ちなみに東京都八王子市の還元利回りは、8.3%です。
上記と同じ条件でマンション価格を算出しますと、940万円になります。
◆DCF法◆
DCF法による具体的な算出方法につきましては、別の記事で紹介します。
2-2-2.取引事例比較法
主に居住用マンションの査定方法に使われます。
国土交通省の外郭団体である公益財団法人不動産流通推進センターが取引事例比較法によるマンション価格査定方法のモデルを公表しています。(※2)
2-2-3.積算法
2-3.投資用マンションは居住用マンションよりも安くなる
入居者の借家権、購入者が投資家であることが主な理由です。
2-3-1.入居者の借家権
賃貸中マンションの入居者には借家権という権利があります。
借地借家法により、期限の自動更新や立退きなどに強い権利を有します。
その分、売却価格が安く設定される傾向にあります。
2-3-2.購入者が投資家
賃貸中マンションの購入者は投資家ですので、収益性を求めます。
収益性の最重要事項が購入価格になりますので、投資家は当然にして価格交渉に入ります。
その分、売却価格が安くなる傾向にあります。
2-4.瑕疵を有する可能性
瑕疵担保責任と契約不適合責任について解説します。
2-4-1.瑕疵担保責任
空き家にして売却する場合、内覧可能ですのでマンションを引渡しまでに劣化・損傷具合を確認することが出来ます。
少なくともマンション引渡し後、すぐに居住可能の状態である必要があります。
特に問題になるのが、
- 住宅設備(給湯器、エアコンなど)
- 水回り設備(台所流し、洗面、ユニットバス、トイレ、水道管、蛇口、排水管など)
です。
後々のトラブル予防のために、住宅設備や水回り設備のリフォーム履歴書(損傷修繕時期・個所など)が準備・提出できますと、買主の好印象を得られます。
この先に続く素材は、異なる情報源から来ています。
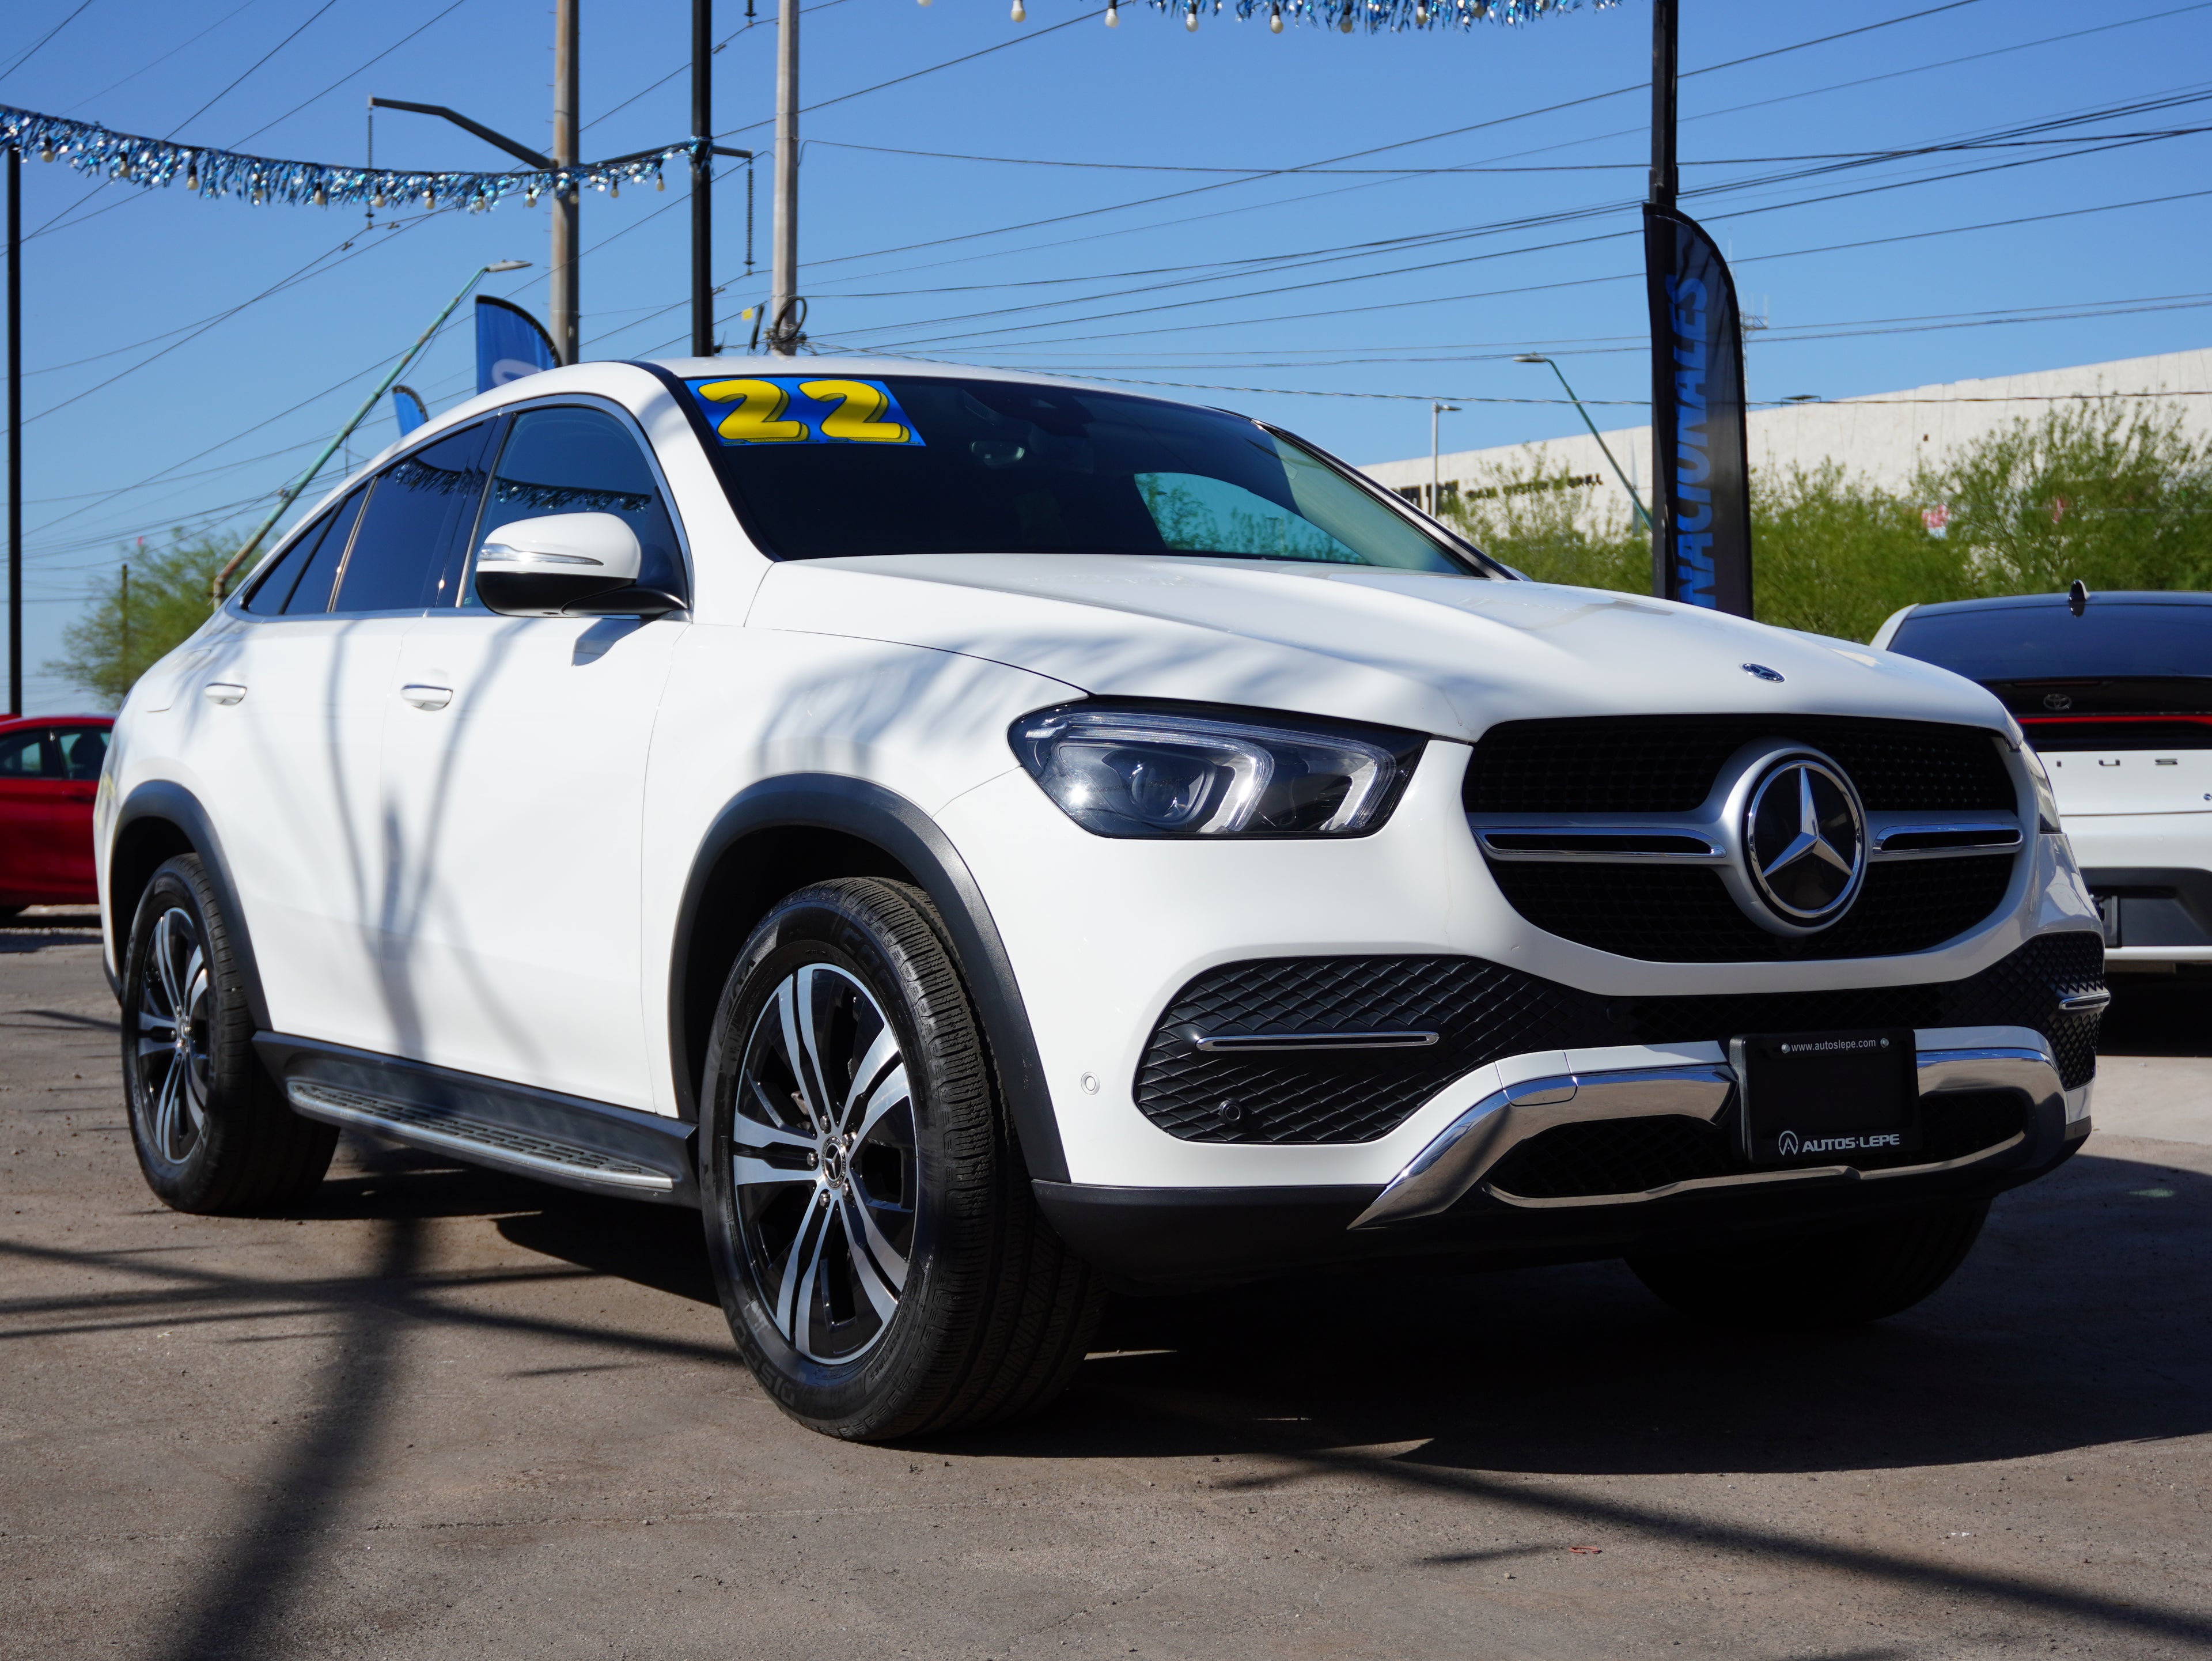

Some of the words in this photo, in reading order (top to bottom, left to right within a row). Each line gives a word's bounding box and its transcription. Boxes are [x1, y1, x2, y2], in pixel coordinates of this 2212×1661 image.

[698, 379, 911, 442] 22
[1666, 274, 1717, 610] NACIONALES
[1791, 1038, 1876, 1052] www.autoslepe.com
住宅設備の減価償却の兼ね合いもありますので、履歴書作成をお勧めします。
瑕疵担保責任は、売買契約書の通りとなります。
瑕疵担保責任期間は、一般的には2~3年です。
瑕疵担保責任期間を売買契約書に明記しますと、その期間が過ぎれば免責となります。
買主の同意があれば、「現況引渡し」や「瑕疵担保責任を負わない」という特約条項付きの売買契約を結ぶことができました。
2-4-2.契約不適合責任
2020年4月1日より、改正された民法が施行されました。
売買契約における「瑕疵担保責任」という概念から、新たに「契約不適合責任」という概念へと代わることになりました。
「契約不適合責任」は、「瑕疵」や「隠れた」という概念は直接の要件とはされていません。
客観的に瑕疵といえるか否か、それが隠れたものであるか否かを問題とするのではありません。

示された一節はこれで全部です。